モルモン書およびジョセフ・スミスに与えられた様々な啓示により,背教時代に失われた多くの福音の真理が回復された。しかしジョセフは,神権がない状態でイエス・キリストの教会を組織できなかった。神権は,正しい権能を持つ人からジョセフ・スミスに回復される必要があった。

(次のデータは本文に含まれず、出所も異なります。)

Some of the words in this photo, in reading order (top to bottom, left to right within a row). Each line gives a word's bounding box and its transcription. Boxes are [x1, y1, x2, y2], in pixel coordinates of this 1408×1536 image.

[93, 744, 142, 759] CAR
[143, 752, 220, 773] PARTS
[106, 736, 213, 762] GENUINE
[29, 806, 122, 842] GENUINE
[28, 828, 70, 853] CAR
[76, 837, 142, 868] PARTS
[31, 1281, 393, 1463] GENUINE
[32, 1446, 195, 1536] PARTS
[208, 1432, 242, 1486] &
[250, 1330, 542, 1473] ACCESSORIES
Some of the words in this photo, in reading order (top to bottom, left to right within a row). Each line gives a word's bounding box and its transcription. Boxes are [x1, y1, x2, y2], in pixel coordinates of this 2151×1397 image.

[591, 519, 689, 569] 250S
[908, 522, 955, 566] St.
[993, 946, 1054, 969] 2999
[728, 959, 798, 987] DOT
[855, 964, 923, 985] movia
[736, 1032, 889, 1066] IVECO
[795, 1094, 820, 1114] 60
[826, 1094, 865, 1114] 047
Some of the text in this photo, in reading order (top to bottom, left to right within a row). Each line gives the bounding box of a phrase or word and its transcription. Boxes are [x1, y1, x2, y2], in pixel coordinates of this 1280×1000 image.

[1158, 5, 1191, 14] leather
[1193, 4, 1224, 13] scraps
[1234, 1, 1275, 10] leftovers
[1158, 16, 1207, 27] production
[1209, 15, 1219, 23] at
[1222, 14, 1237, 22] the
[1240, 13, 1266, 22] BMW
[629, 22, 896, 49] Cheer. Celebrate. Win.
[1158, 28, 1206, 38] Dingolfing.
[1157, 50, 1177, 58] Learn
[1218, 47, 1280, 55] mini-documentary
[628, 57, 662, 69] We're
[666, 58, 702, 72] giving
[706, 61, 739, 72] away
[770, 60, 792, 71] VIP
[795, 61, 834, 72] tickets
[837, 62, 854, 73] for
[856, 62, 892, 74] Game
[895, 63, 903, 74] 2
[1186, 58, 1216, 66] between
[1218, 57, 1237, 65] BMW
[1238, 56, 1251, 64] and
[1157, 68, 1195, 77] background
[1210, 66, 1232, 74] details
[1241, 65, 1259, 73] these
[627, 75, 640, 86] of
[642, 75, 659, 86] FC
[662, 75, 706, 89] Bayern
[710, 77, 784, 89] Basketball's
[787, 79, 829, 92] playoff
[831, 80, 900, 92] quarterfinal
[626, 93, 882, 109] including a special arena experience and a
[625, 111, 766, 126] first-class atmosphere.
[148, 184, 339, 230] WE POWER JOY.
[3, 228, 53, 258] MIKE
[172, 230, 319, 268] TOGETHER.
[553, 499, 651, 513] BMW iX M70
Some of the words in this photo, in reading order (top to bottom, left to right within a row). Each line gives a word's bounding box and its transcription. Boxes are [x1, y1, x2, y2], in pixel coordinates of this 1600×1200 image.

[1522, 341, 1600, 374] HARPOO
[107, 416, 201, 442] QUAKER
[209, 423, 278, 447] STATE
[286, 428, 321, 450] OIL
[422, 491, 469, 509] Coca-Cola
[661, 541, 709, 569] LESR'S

神権の二つの部分について説明する。メルキゼデク神権とアロン神権である。時々,アロン神権は小神権または備えの神権と呼ばれ,メルキゼデク神権は大神権と呼ばれる。アロン神権はメルキゼデク神権の一部で,その指示の下に働く。これら二つの神権は,ジョセフ・スミスにより回復された。

アロン神権の回復

1829年の春,預言者ジョセフ・スミスとオリバー・カウドリは,復活したイエス・キリストがニーファイ人にバプテスマについて教えられたモルモン書の部分を翻訳していた(3 ニーファイ11:18-28,33-34参照)。バプテスマは,ジョセフが若いときに宗教家たちが論争していた主題の一つで,バプテスマに関して混乱したクリスチャンが数多くいた。彼らはバプテスマが必要なのか,バプテスマはどのように行われるのか,だれがバプテスマを施すのか,何歳でバプテスマを受けるべきなのか,などの疑問を抱いていた。ジョセフとオリバーはこうした質問の答えを求めて主に尋ねることにした。1829年5月15日,二人は祈るためにペンシルバニア州のサスケハナ川沿いの森に入った。オリバーはその経験について以下のように述べている。「突如,永遠のただ中から来たかのように,あがない主の声がわたしたちに平安を告げられた。それと同時に,とばりが分けられ,神の天使が栄光をまとってくだって来て,わたしたちが切に待ちこがれていた知らせを告げ,悔い改めの福音のかぎを渡してくださったのである。何という喜びであろう。何という驚異であろう。何という驚きであろう。」(ジョセフ・スミス—歴史1:71後注)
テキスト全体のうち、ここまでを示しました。